How SOAR and Network will grow
The reefer fleet SOAR has a diverse customer base, but has the most density on I-40 and I-80 hauling produce out of the Rocky Mountains and West Coast east into the Midwest, and proteins and manufactured foods out of the Midwest back west. Kramer said that while he is focused on the assets’ operating ratio and free cash flow before revenue growth, he expects SOAR to grow its tractor count to 500 next year.
The consolidated freight brokerage operation will be run out of Chattanooga by David Ferguson, the president of Network. Prior to Network, Ferguson had a storied career in Chattanooga logistics which included serving as vice president of operations at U.S. Xpress, chief operating officer at Lipsey Logistics and president at Riverside Transport. Ben Gordon, the former chief operating officer at Network, will oversee the Chattanooga office as general manager.
Poulos said that the future growth of SOAR and Network will likely be weighted toward the non-asset side of the business and that the Chattanooga brokers have the right culture to drive that growth.
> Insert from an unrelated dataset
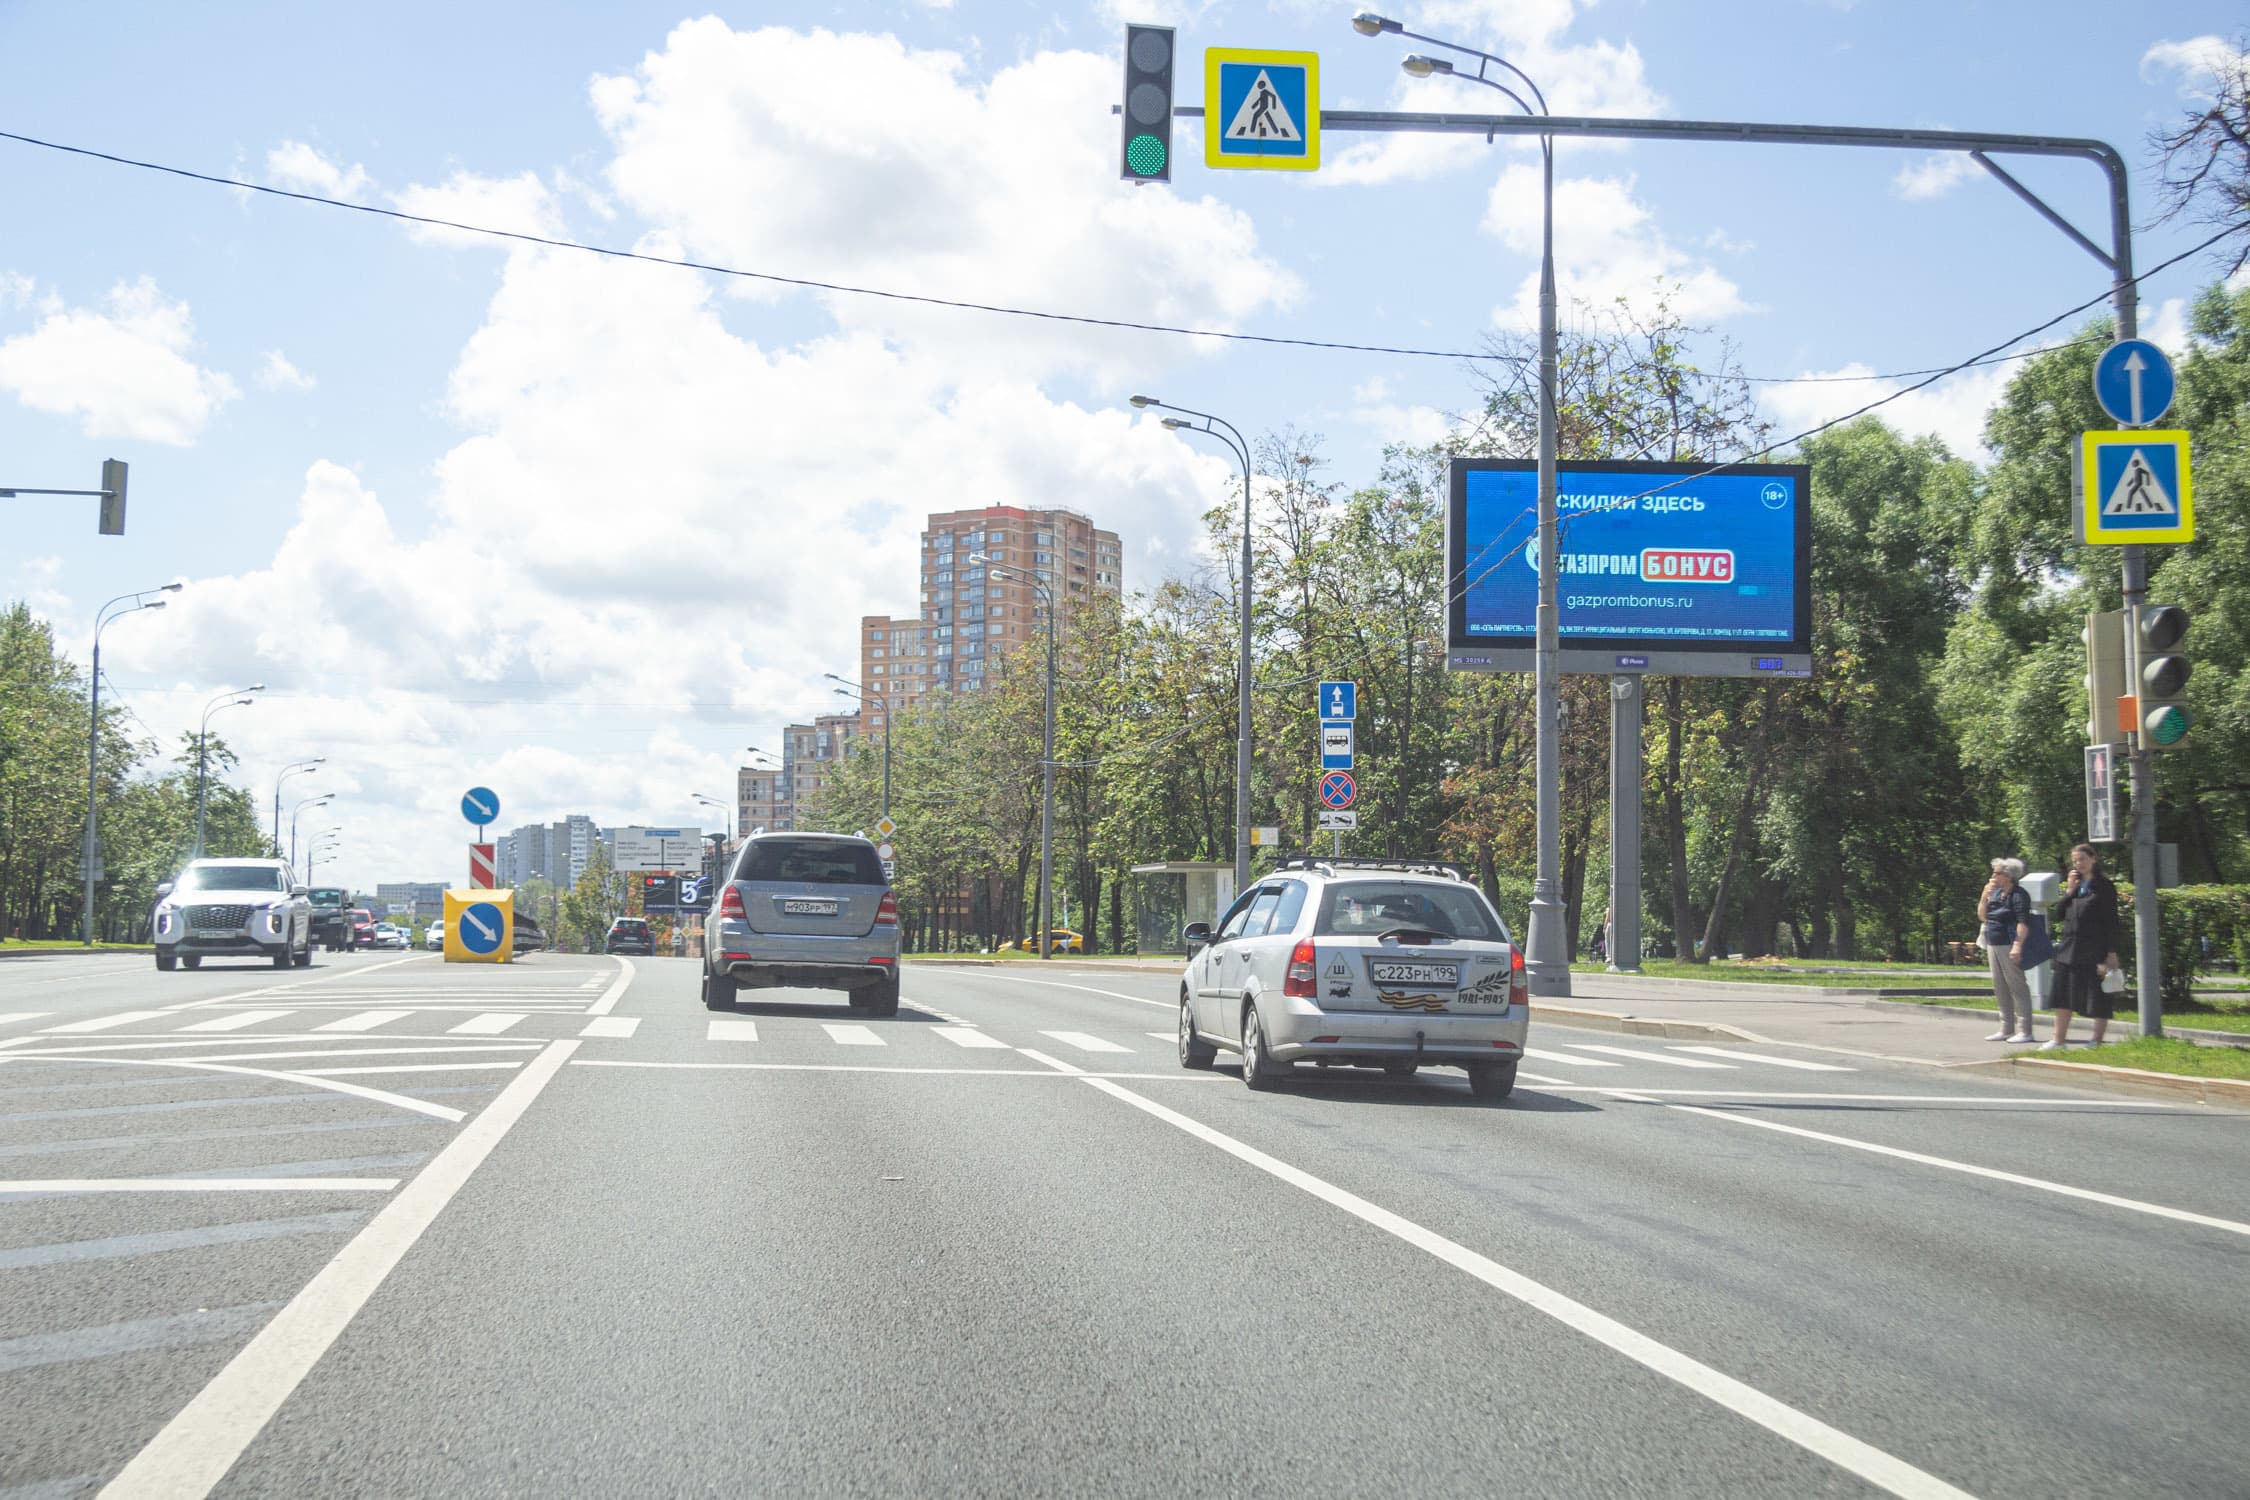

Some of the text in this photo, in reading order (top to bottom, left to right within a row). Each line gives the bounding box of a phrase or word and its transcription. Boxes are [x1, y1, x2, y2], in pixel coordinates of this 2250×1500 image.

“We’re leading with logistics, which opens us up to a world of service opportunities with our customers that are not limited to the asset,” Poulos said.
Isaacson said that there are few non-asset logistics providers who truly specialize in refrigerated freight. That opens up an opportunity for Network to go deeper with its customers and combine non-asset and asset services in novel ways.
Network’s strategy built around expertise in specific industry verticals
After the initial financial, human resources and technology integrations are completed over the next 30 to 60 days — Network’s technology team built bots to scrape all of its data and feed it into McLeod, the company’s new TMS — the management team will focus on organizational development. A major difference between Network’s plan for growth and most other freight brokerages is that it plans to organize its floor into pods based on seven industry verticals. The idea is that the brokers will gain expertise in the particular requirements of each kind of freight, whether it’s food and beverage or pharmaceuticals, and be able to add new customers in each vertical more efficiently.
“From a sales and marketing perspective,” Poulos said, “we’re going to develop those industry verticals that the asset side participates in — we’re heavy in food and beverage and nutraceuticals, a huge hauler of produce, frozen food, protein — we’re going to leverage that and build a brokerage skill set around that. We’re trying to build a better mousetrap by leveraging these assets and staying in our swim lane, with the goal of becoming the very best in the non-asset space with discipline in these industry verticals.”
Kramer said that Network would be solutions-oriented and creative, focusing on developing its people into best-in-class operators. He contrasted Network’s approach with other freight brokerages that churn through lightly trained young people, explaining that Network’s investments in its team, including tuition reimbursement, 401(k) plans and health benefits, would energize the company and attract high-quality employees.
We spoke about a secular trend toward increasingly strict shipper requirements. Over the past two decades, legions of supply chain management graduates have gone to work with shippers, optimizing their supply chain operations for cost and flexibility. In practice, that has often meant more burdensome requirements placed on transportation providers, especially in terms of visibility compliance, on-time and in-full expectations, and other service metrics. Those shipper requirements vary across industry verticals — pharmaceutical shipments for instance, can require higher levels of insurance and unique temperature-monitoring requirements.
“We view strict shipper requirements as a good thing,” Kramer said. “We have the technical capability and the expertise to execute; the harder the better, as far as I’m concerned.”